Images for object localization
"""
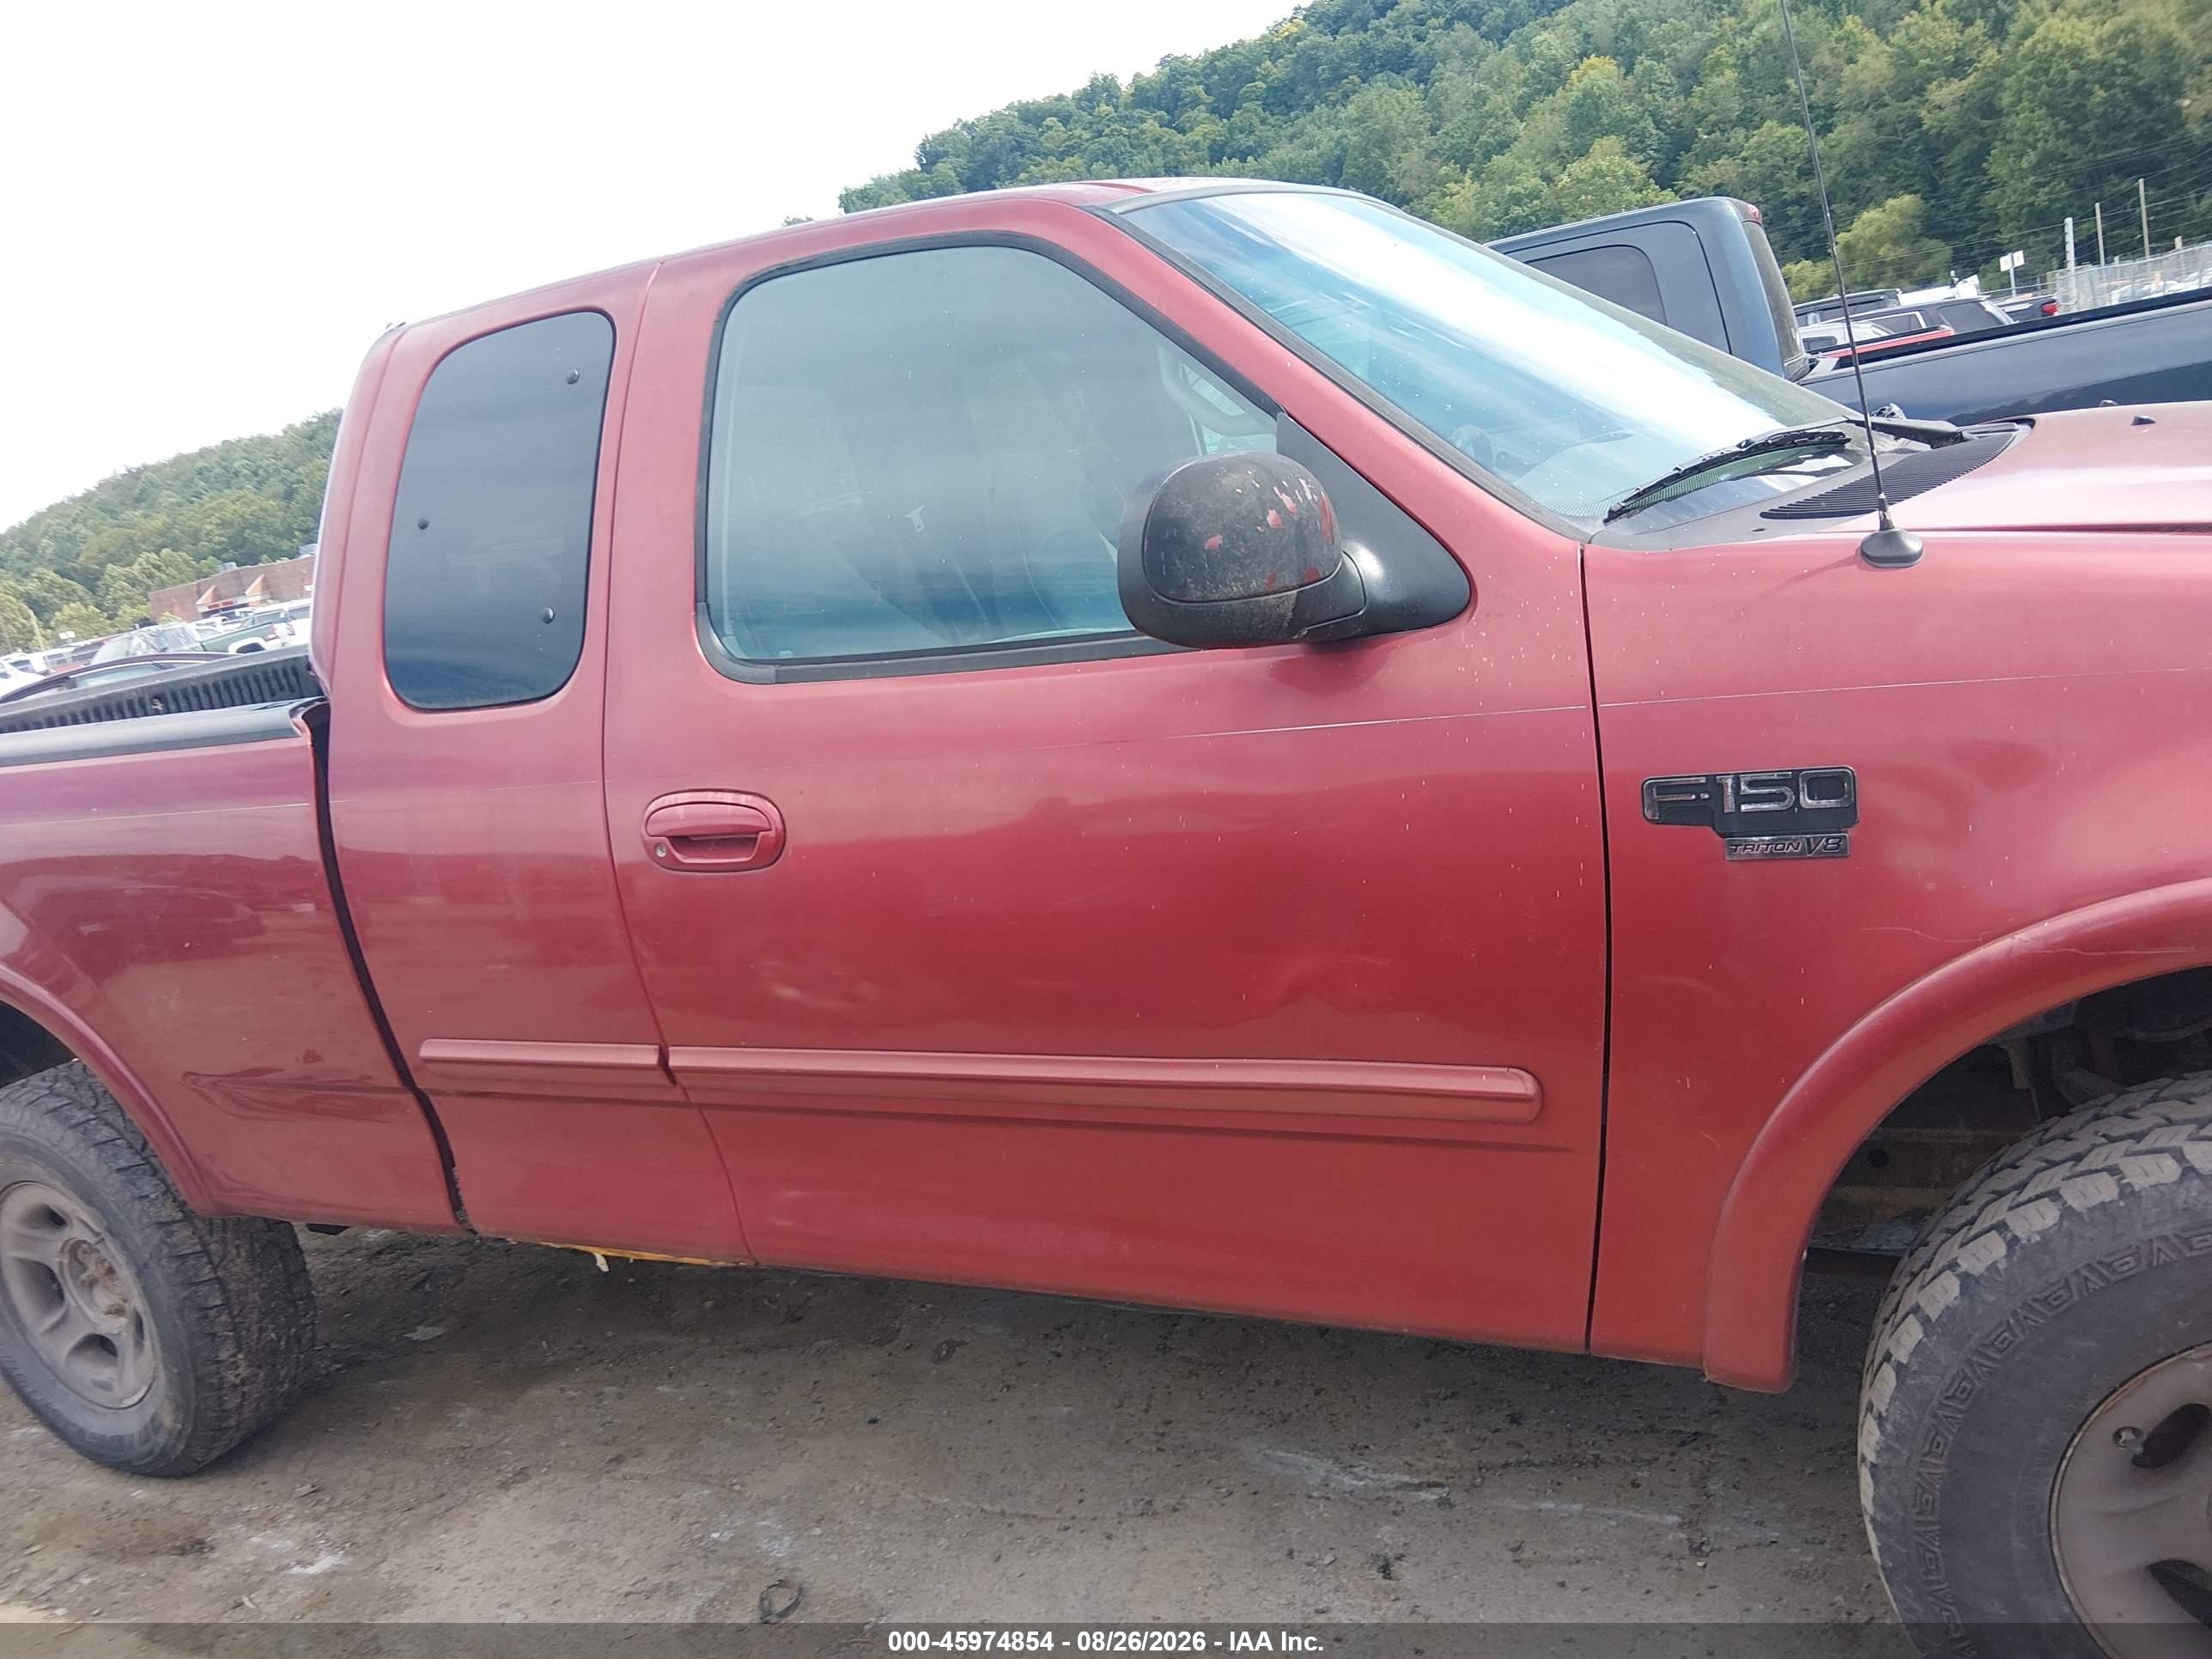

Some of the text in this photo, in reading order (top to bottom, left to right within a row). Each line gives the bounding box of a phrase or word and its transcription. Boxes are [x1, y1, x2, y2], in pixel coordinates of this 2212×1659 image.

[1643, 768, 1855, 820] F-150
[1729, 836, 1843, 857] TRITON V8
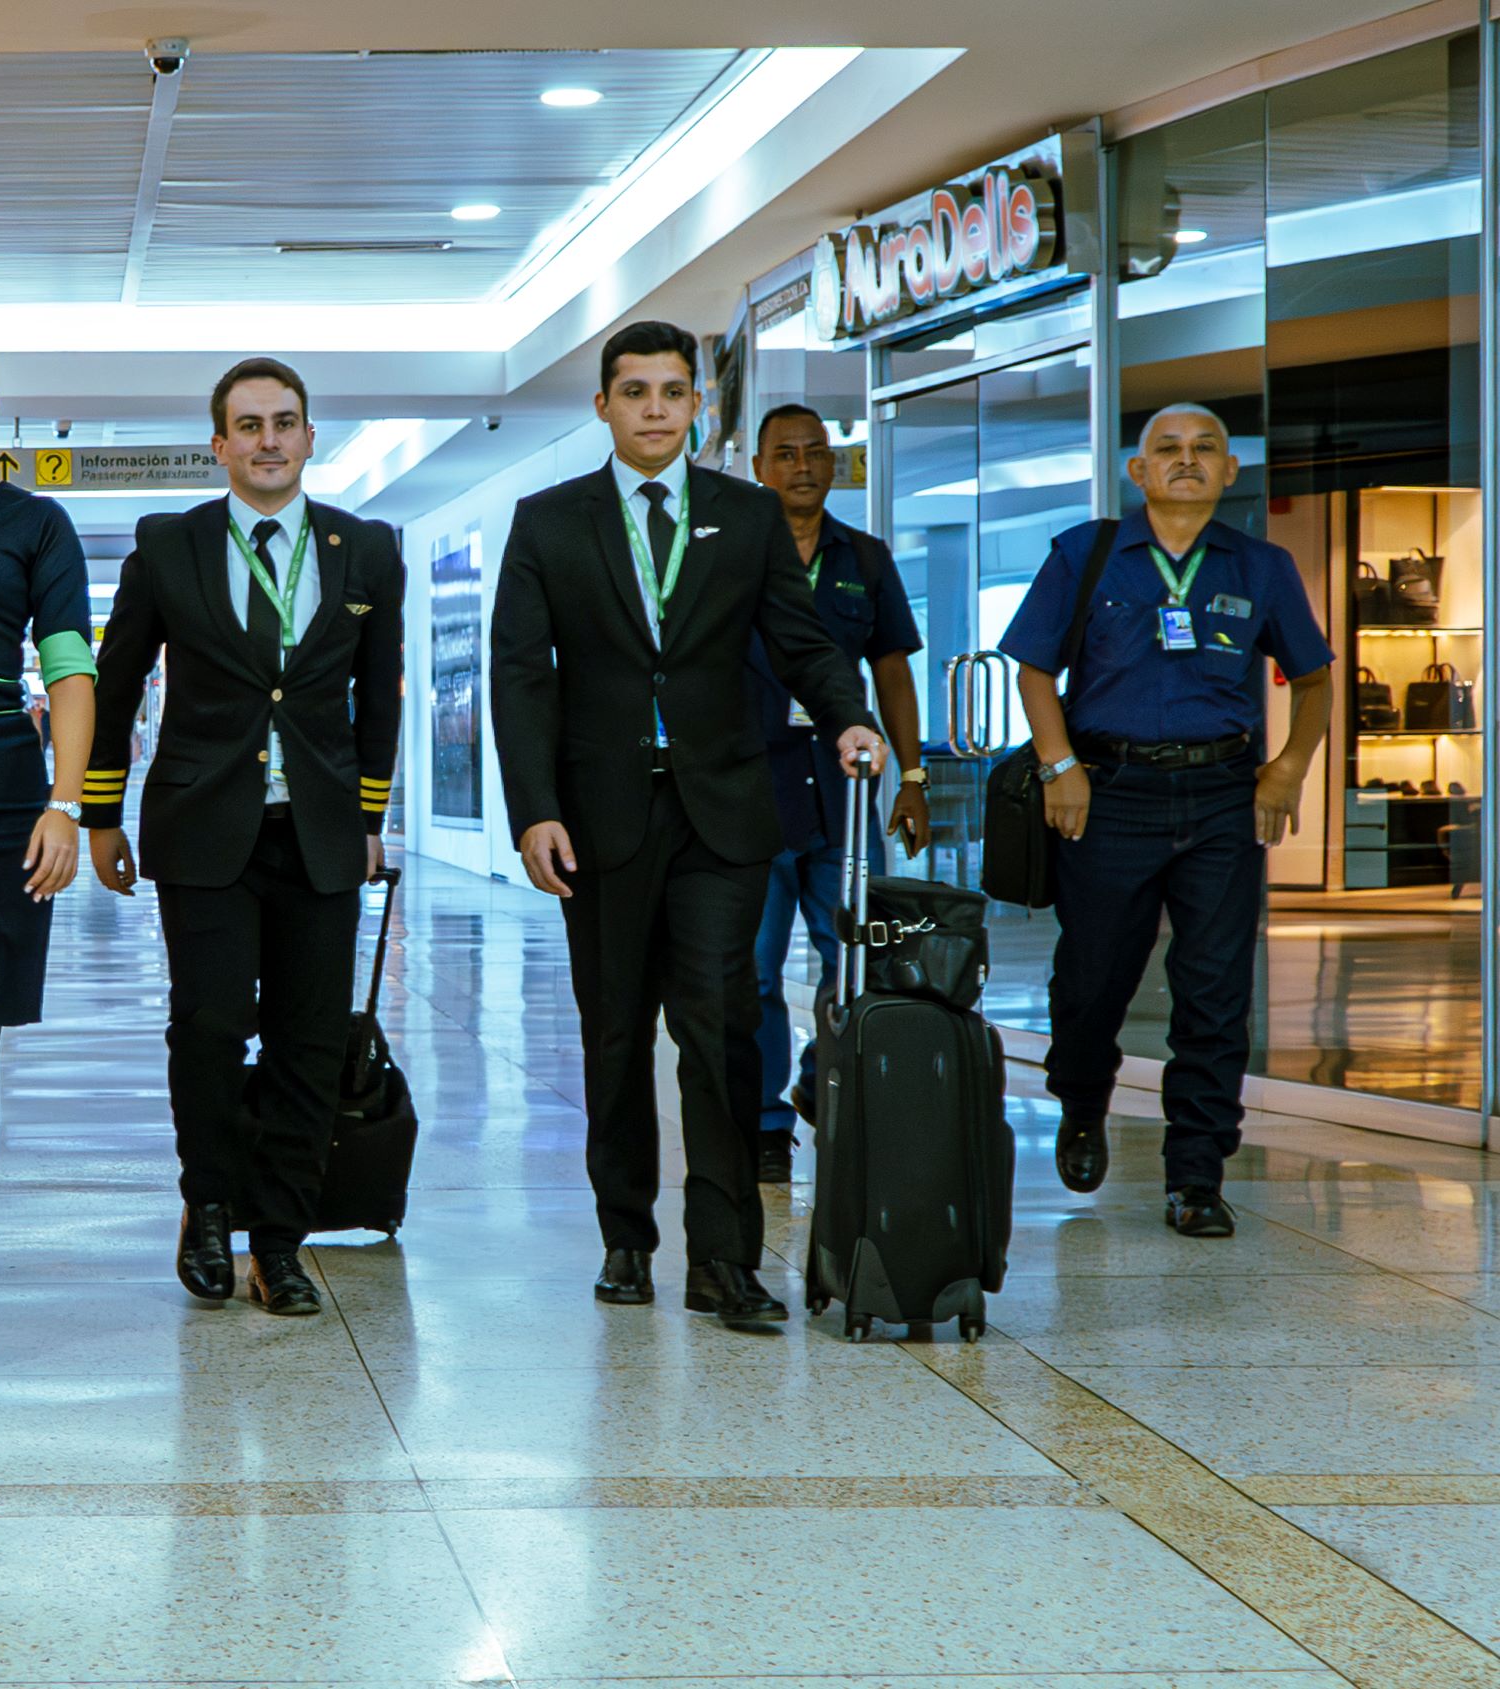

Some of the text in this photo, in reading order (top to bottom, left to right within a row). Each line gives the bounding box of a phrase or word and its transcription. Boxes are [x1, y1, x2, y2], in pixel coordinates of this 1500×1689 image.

[845, 170, 1040, 332] AuraDelis
[81, 454, 169, 467] Información
[174, 454, 187, 466] al
[81, 470, 209, 482] Passenger Assistance
"""
TASK DIRECTIONS – Copy every record exactly as it appears, apart from any pictures.

OUTPUT BELOW –
Some of the text in this photo, in reading order (top to bottom, left to right within a row). Each line gives the bounding box of a phrase or word and its transcription. Boxes are [x1, y1, x2, y2], in pixel coordinates of this 2212×1659 image.

[1643, 768, 1855, 820] F-150
[1729, 836, 1843, 857] TRITON V8

Some of the text in this photo, in reading order (top to bottom, left to right within a row). Each line gives the bounding box of a phrase or word and its transcription. Boxes are [x1, y1, x2, y2], in pixel coordinates of this 1500×1689 image.

[845, 170, 1040, 332] AuraDelis
[81, 454, 169, 467] Información
[174, 454, 187, 466] al
[81, 470, 209, 482] Passenger Assistance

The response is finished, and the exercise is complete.